The glutamate neurotransmitter system appears connected to dissociation in the brain, but studies of this are even less conclusive than those of the opioid and serotonin systems.

At this point, research in all these systems is ongoing, and outcomes can only be speculated about.

Psychotherapeutic treatment of DID is clearly successful, but not equally for everyone. Improvement in psychotherapy effectiveness and in medication support for such therapy may well come from improved understanding of the neurological foundations of dissociation.

Study of two brain regions normally active and well integrated in the management of emotion and arousal (level of activity in the brain) has suggested that dissociation may arise from overly reduced levels of activity in either or both regions. These reduced levels can occur for various reasons, and both have been found in PTSD and DID.

A different body of research suggests that increased activity in brain regions involved in thinking and decision-making are significant in dissociation, with such activity leading to an over-internalization of stress responses that, while adaptive in childhood, are dysfunctional in adult life.

DID. as a consequence for vulnerable children subjected to childhood maltreatment, is more than adequately documented. This view has no empirically supported competitors.

Validation of phased outpatient treatment of DID is similarly well-documented, and research focused both on treatment process and outcome is active and ongoing.

The expert authors of this review believe that societal acceptance of dissociative identity disorder stems from reluctance to accept the reality of its cause: severe chronic child abuse.

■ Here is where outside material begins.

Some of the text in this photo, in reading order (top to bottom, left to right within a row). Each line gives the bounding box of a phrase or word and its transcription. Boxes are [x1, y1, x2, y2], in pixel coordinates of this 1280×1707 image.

This has led to neglect of the gravely affected children and adults, and neglect of the diagnosis, both in research in clinical training and treatment.

With the reality of DID now firmly established, the focus has shifted to emerging and ongoing research and clinical work on dissociation and its management and treatment. New intervention procedures involving somatic awareness and using hypnosis to affect neural network communications are promising new avenues for improved treatment outcomes.

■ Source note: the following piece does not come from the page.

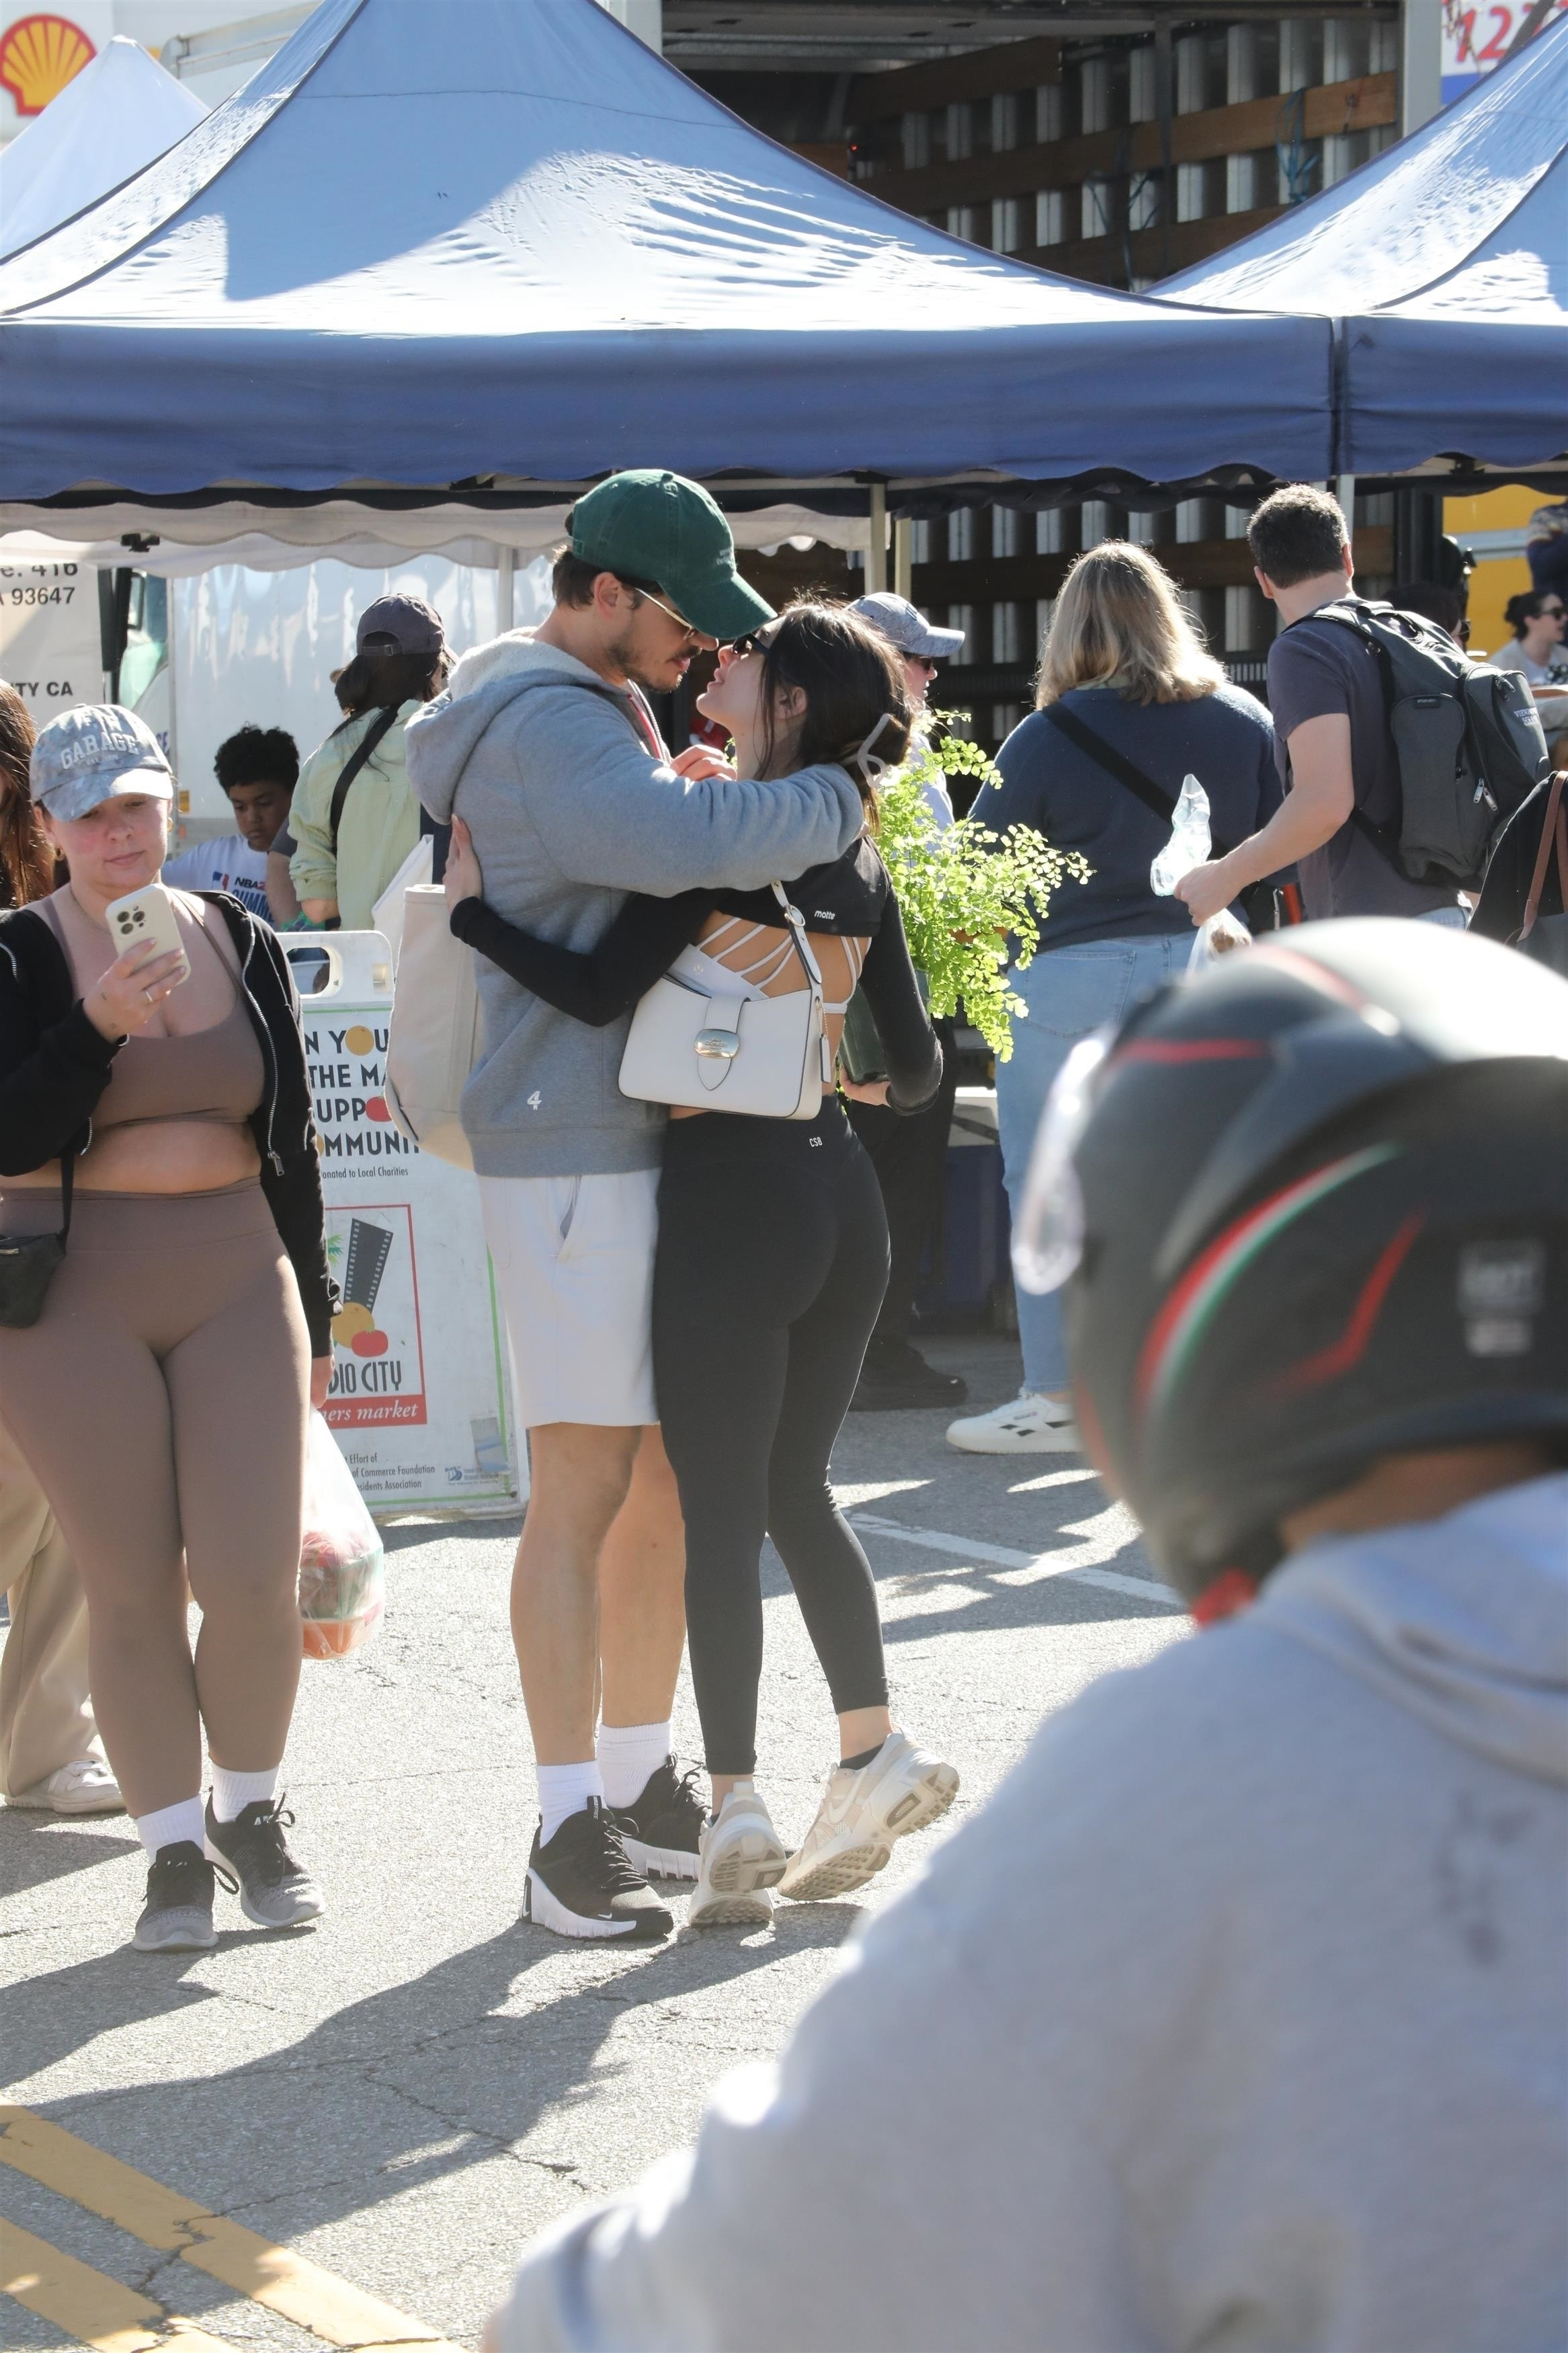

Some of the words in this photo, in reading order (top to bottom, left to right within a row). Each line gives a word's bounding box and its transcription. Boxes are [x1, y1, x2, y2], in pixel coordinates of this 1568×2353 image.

Another promising approach to improving treatment outcomes is the explicit inclusion of those “…with lived experience in the design, planning, and interpretation of research investigations.” Empowering these individuals invigorates all concerned, providing new feedback and essential information for research and application.

One major outcome of this involvement of those with “lived experience” has been validation of the usefulness of knowledge of the neurobiological aspects of DID: “Knowing DID has robust neurobiological correlates validated and normalized their experience in a landscape of doubt from family, friends, and health care professionals.”

This is an exciting and hope-filled time for all participants in the DID-treatment community. DID today is where PTSD was in the 1970s: emerging from a period of denial, doubt, and confusion to establish a solidly grounded view of the etiology, dynamics, and best-practices treatment that can be used to improve the lives of millions of people.